EmptyLeaf(), which holds nothing.

The tree in the example diagram would be denoted

Branch(
  Branch(
    Leaf(4), 
    Leaf(2)),
  Branch(
    Branch(
      Leaf(1), 
      EmptyLeaf()),
    Branch(
      Leaf(3),
      Leaf(5))))

Let’s implement this.

from typing import TypeVar, Generic
A = TypeVar('A')

class MaybeBinTree(Generic[A]):
    pass

class Branch(MaybeBinTree[A]):
    def __init__(self, a: MaybeBinTree[A], b: MaybeBinTree[A]) -> None:
        self.a = a
        self.b = b
        
    def __str__(self):
        return "Branch(" + str(self.a) + ", " + str(self.b) + ")"

class Leaf(MaybeBinTree[A]):
    def __init__(self, a: A) -> None:
        self.a = a
        
    def __str__(self):
        return "Leaf(" + str(self.a) + ")"

class EmptyLeaf(MaybeBinTree[A]):
    def __init__(self) -> None:
        pass
        
    def __str__(self):
        return "EmptyLeaf()"

I decided to call the tree MaybeBinTree since it’s a binary tree whose leaves maybe store data. You’ll notice that each type constructor inherits from MaybeBinTree, even though MaybeBinTree doesn’t have any data. This allows us to do some basic type checking; for instance;

isinstance(Leaf(2), MaybeBinTree)

Out: True

Though, it’s mostly for schematic completeness.

Now that we have our data structure, we want to consider what we need to make Merge Sort. In the diagram I gave, the program passes through the MaybeBinTree type.

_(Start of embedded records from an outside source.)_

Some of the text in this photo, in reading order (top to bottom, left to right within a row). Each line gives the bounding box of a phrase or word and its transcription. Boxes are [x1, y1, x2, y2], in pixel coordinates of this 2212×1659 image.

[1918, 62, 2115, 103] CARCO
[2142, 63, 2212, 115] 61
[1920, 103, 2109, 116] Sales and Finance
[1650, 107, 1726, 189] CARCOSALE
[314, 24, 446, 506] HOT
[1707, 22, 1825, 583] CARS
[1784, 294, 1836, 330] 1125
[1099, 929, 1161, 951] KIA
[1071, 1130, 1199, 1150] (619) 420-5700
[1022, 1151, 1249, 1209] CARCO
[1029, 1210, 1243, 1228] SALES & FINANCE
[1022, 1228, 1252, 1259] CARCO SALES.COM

Given some As to sort, we have a function going from List A to MaybeBinTree A. We then compose this with a function from MaybeBinTree A to List A to complete the sorting.

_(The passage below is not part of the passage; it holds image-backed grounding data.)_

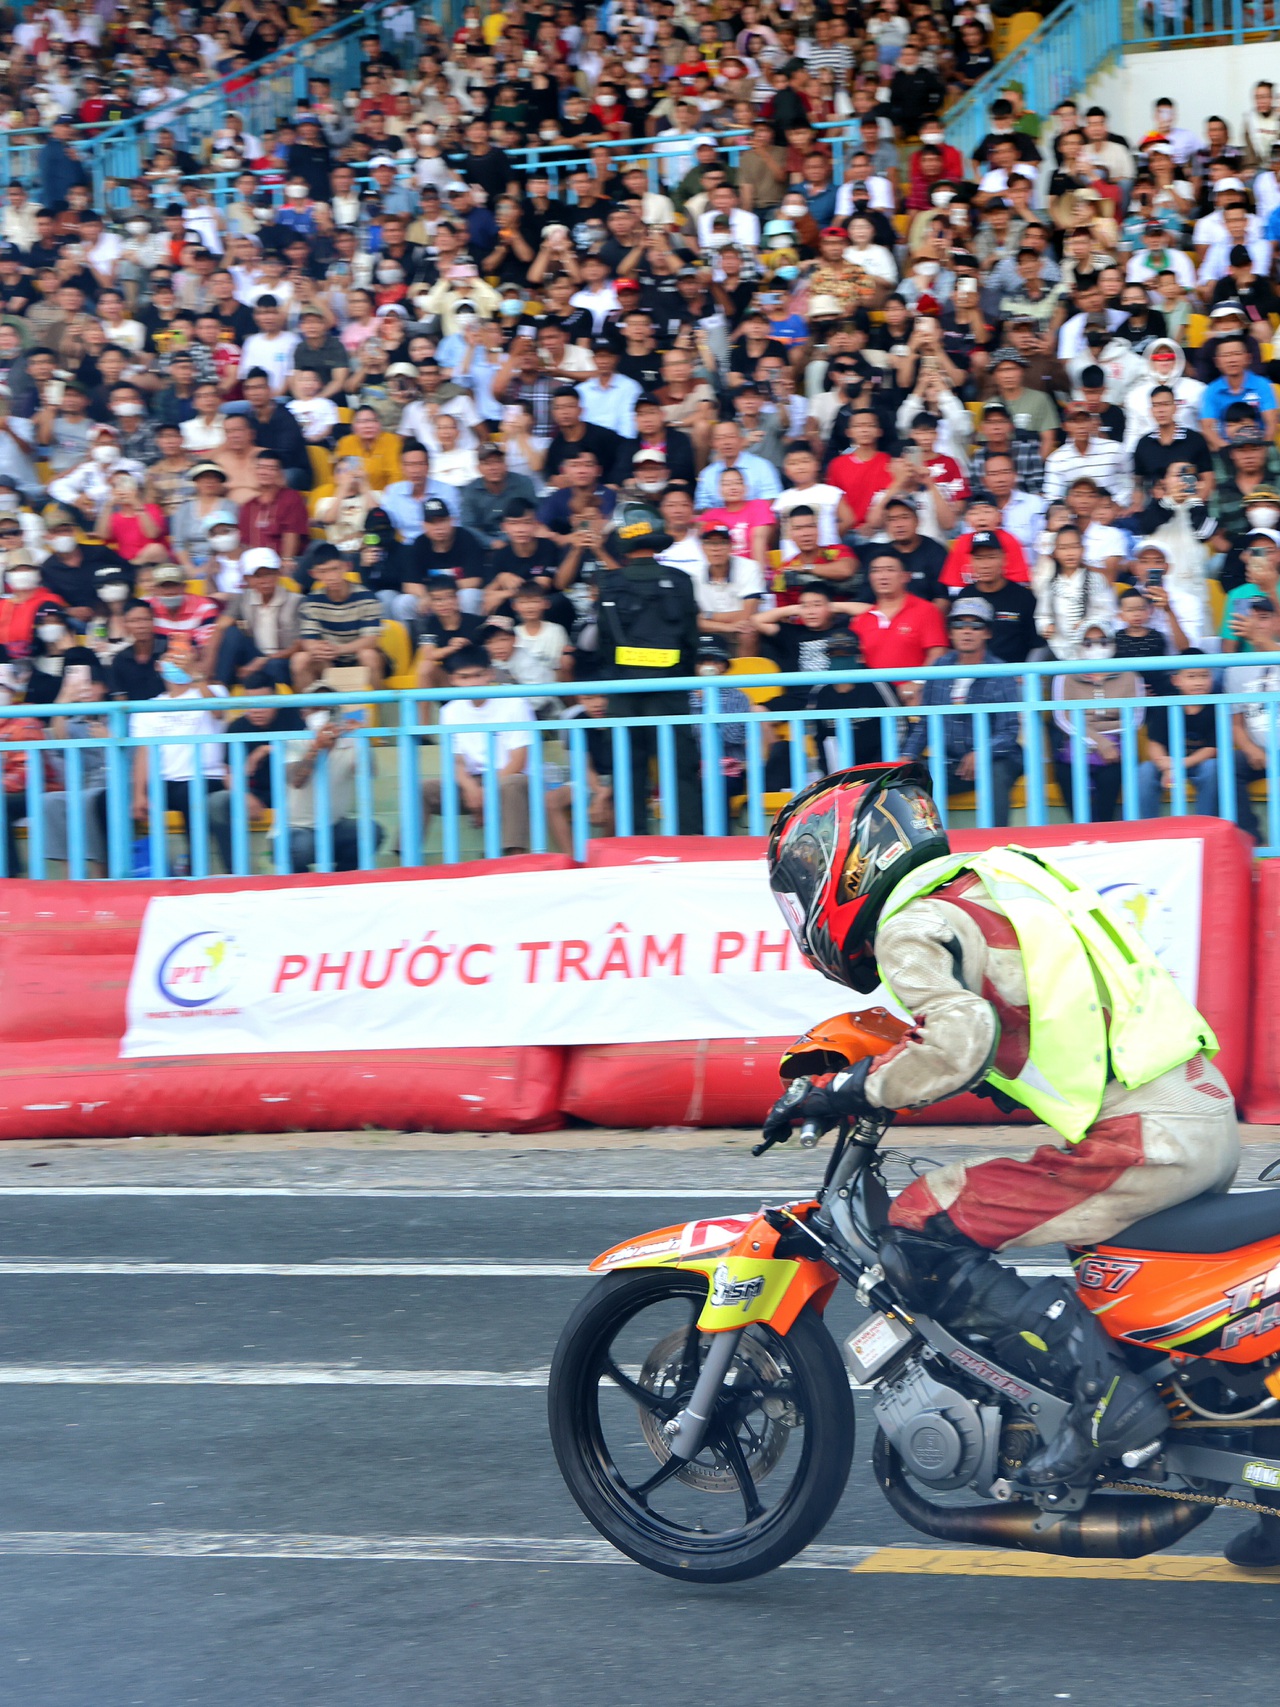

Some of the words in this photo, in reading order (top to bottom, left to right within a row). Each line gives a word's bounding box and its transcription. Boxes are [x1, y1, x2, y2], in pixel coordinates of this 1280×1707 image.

[165, 965, 213, 985] PT
[271, 930, 493, 993] PHƯỚC
[516, 922, 686, 984] TRÂM
[710, 929, 818, 974] PH
[1079, 1257, 1143, 1293] 67

What could those functions be?

We won’t be targeting either of those functions; instead, we’re going to go around them.

Consider that both List and MaybeBinTree are inductive datatypes. We can define List via the endofunctor ListF A := X ↦ 1 + A × X, where the 1 corresponds to the empty list, and the A × X corresponds to the case where an A is appended onto a list, called the “cons” case. This is often phrased as List A being the initial algebra of the endofunctor ListF A.

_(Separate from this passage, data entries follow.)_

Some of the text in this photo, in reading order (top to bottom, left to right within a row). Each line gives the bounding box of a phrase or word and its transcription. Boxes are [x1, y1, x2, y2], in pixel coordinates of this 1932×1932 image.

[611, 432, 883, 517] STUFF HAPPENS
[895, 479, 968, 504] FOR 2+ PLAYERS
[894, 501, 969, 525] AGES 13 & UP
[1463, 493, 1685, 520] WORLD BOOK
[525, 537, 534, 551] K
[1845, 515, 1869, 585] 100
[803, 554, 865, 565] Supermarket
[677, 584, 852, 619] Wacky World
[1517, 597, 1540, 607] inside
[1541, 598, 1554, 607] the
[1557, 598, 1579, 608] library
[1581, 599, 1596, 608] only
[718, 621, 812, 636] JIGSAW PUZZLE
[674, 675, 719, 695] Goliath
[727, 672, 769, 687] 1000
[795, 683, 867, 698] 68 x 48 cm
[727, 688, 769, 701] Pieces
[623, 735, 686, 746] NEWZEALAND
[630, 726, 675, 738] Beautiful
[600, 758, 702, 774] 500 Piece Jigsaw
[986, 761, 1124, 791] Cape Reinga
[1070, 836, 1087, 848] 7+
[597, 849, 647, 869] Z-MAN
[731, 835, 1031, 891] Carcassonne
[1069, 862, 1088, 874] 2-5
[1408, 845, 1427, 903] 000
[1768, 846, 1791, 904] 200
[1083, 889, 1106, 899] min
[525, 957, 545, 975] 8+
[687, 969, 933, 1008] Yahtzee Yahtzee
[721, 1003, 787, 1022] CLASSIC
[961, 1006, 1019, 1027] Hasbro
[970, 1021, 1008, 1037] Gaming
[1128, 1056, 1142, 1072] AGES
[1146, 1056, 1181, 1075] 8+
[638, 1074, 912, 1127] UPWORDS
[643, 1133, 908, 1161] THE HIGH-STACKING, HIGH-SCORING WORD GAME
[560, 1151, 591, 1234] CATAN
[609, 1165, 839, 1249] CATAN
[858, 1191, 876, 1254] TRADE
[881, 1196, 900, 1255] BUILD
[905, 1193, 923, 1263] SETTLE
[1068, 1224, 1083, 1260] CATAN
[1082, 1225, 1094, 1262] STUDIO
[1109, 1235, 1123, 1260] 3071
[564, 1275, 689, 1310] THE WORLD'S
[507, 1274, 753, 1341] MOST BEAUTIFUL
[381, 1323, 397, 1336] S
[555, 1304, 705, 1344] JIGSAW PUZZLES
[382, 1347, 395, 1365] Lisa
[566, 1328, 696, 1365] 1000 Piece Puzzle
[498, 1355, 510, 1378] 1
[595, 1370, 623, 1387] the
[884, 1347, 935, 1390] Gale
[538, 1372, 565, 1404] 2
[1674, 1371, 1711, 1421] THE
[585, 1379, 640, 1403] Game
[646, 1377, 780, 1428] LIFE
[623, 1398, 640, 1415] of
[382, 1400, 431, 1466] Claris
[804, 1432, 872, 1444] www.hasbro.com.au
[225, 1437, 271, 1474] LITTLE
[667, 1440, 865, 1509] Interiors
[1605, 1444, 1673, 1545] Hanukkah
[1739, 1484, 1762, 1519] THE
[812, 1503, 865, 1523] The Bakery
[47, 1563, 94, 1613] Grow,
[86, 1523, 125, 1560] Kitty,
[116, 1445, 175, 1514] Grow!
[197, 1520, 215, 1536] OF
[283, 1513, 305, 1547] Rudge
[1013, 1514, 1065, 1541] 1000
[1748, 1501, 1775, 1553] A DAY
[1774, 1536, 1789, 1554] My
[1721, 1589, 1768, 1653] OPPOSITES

We can define this functor as follows;

L = TypeVar('L')

class ListF(Generic[A, L]):
    pass

class ConsF(ListF[A, L]):
    def __init__(self, a: L, a: A) -> None:
        self.l = l
        self.a = a
        
    def __str__(self):
        return "ConsF(" + str(self.l) + ", " + str(self.a) + ")"

class NilF(ListF[A, L]):
    def __init__(self) -> None:
        pass
        
    def __str__(self):
        return "NilF()"

This endofunctor allows us to define List as:

List A := ListF A (List A)

If we wanted. The canonical function from any F A to A, where A is the initial algebra, is called in, while the other direction is called out. We can define these for the list as follows;

from typing import List

def list_in(lF : ListF[A, List[A]]) -> List[A]:
    if isinstance(lF, ConsF):
        r = lF.l.copy()
        r.append(lF.a)
        return r
    elif isinstance(lF, NilF):
        return []

def list_out(l : List[A]) -> ListF[A, List[A]]:
    if l == []:
        return NilF()
    else:
        l2 = l.copy()
        r = l2.pop()
        return ConsF(l2, r)

You can note that all these do is highlight one recurse within a list;

y = [1,2,3,4,5]
x = list_out(y)

print(x)
print(list_in(x))

Out[1]: ConsF([1, 2, 3, 4], 5)
Out[2]: [1, 2, 3, 4, 5]

We’ll make use of these later on. We’ll also need the ones for MaybeBinTree. The endofunctor generating this datatype is MaybeBinTreeF A := X ↦ 1 + A + X × X, corresponding to the empty leaf, leaf, and branch cases. We can construct this functor as a type;

M = TypeVar('M')

class MaybeBinTreeF(Generic[A, M]):
    pass

class BranchF(MaybeBinTreeF[A, M]):
    def __init__(self, a: M, b: M) -> None:
        self.a = a
        self.b = b
        
    def __str__(self):
        return "BranchF(" + str(self.a) + ", " + str(self.b) + ")"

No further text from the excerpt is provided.